Features
Kiali helps you define, validate, and observe the connections and microservices of your Istio service mesh.
Kiali works with Istio in Kubernetes distributions. It visualizes the service mesh topology and provides visibility into features like request routing, circuit breakers, request rates, latency and more. Kiali offers insights about the mesh components at different levels, from abstract Applications to Services and Workloads.
Kiali also helps to manage the Service Mesh providing Wizards to apply common traffic patterns and automatically generate Istio configuration.
Observability Features
The following observability features help you ensure your mesh is healthy or to quickly identify problem areas in operation. It combines topology, telemetry, traces, logs, events and definitions in a holistic view of your system.
Overview
Kiali provides a summary page of the Service Mesh namespaces and the status of their Applications, Workloads and Services.
Graph
The graph provides a powerful way to visualize the topology of your service mesh. It shows you which services communicate with each other and the traffic rates and latencies between them, which helps you visually identify problem areas and quickly pinpoint issues. Kiali provides graphs that show a high-level view of service interactions, a low level view of workloads, or a logical view of applications.
The graph also shows which services are configured with virtual services and circuit breakers. It identifies security issues by identifying traffic not configured as expected. You can observe the traffic flow between components by watching the animation or viewing the metrics.
You can configure the graph to show the namespaces and data that are important to you, and display it in the way that best meets your needs.
Graph: Health
Colors in the graph represent the health of your service mesh. A node colored red or orange might need attention. The color of an edge between components represents the health of the requests between those components. The node shape indicates the type of component such as services, workloads, or apps.
The health of nodes and edges is refreshed automatically based on the user’s preference. The graph can also be paused to examine a particular state, or replayed to re-examine a particular time period.
Graph: Node Detail
You can drill down into one selected component, whether it’s a service, a workload, or an application. Kiali offers detail graphs for any node you choose.
Double click on a graph node and you can see a detailed view centered on that component. It shows you only the incoming requests being served and the outgoing requests being made - all from the point-of-view of that component’s telemetry.
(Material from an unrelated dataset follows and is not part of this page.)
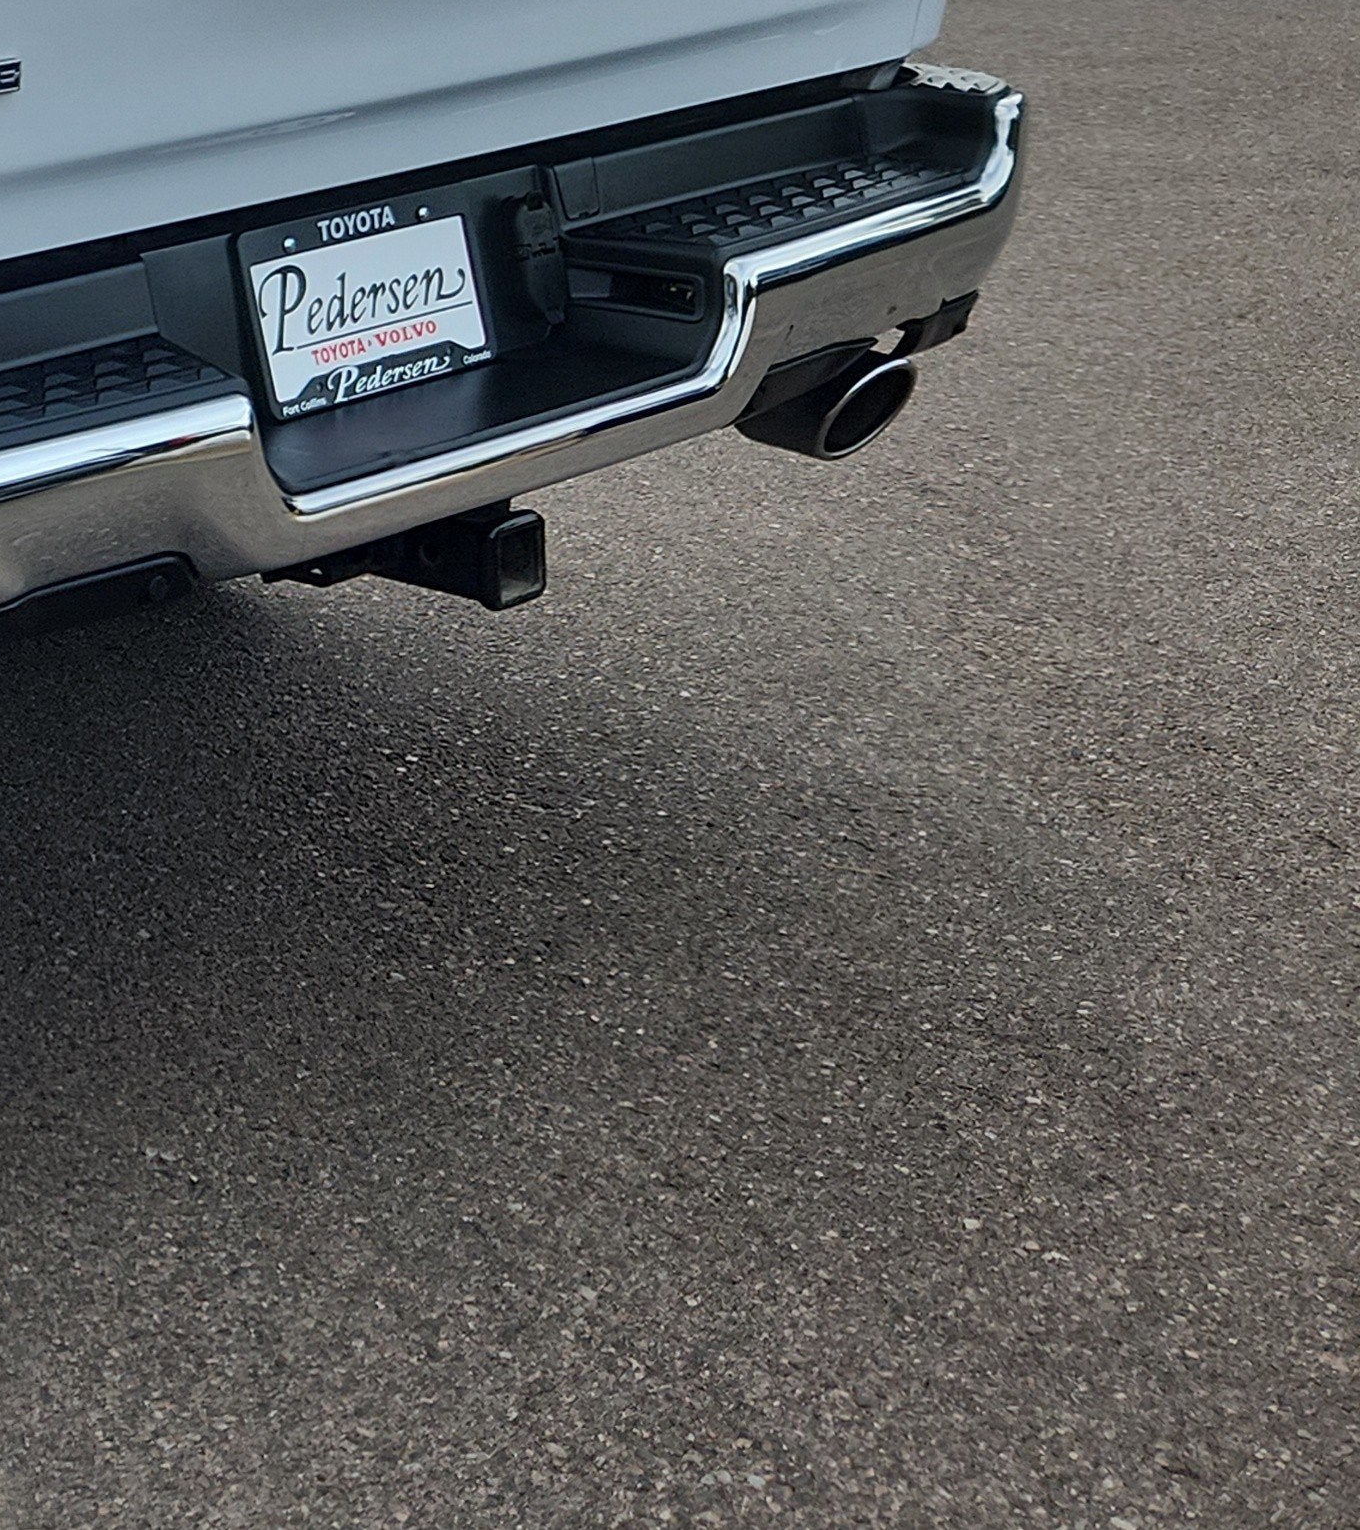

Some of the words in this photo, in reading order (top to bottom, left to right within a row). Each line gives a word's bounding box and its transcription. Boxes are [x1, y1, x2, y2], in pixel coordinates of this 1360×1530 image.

You can jump back to the main graph and continue where you left off.
Graph: Side-Panel
Want to get a quick summary of anything in the graph? Select any node with a single-click and the side panel provides a brief summary for that component. This includes:
-
Charts showing traffic and response times
-
Health details
-
Links to fully-detailed pages
-
Response Code breakdowns.
Or, click the graph background and the side panel to view an overall summary for the entire graph.
Graph: Traffic Animation
Kiali offers several display options for the graph, including traffic animation.
For HTTP traffic, circles represent successful requests while red diamonds represent errors. The more dense the circles and diamonds the higher the request rate. The faster the animation the faster the response times.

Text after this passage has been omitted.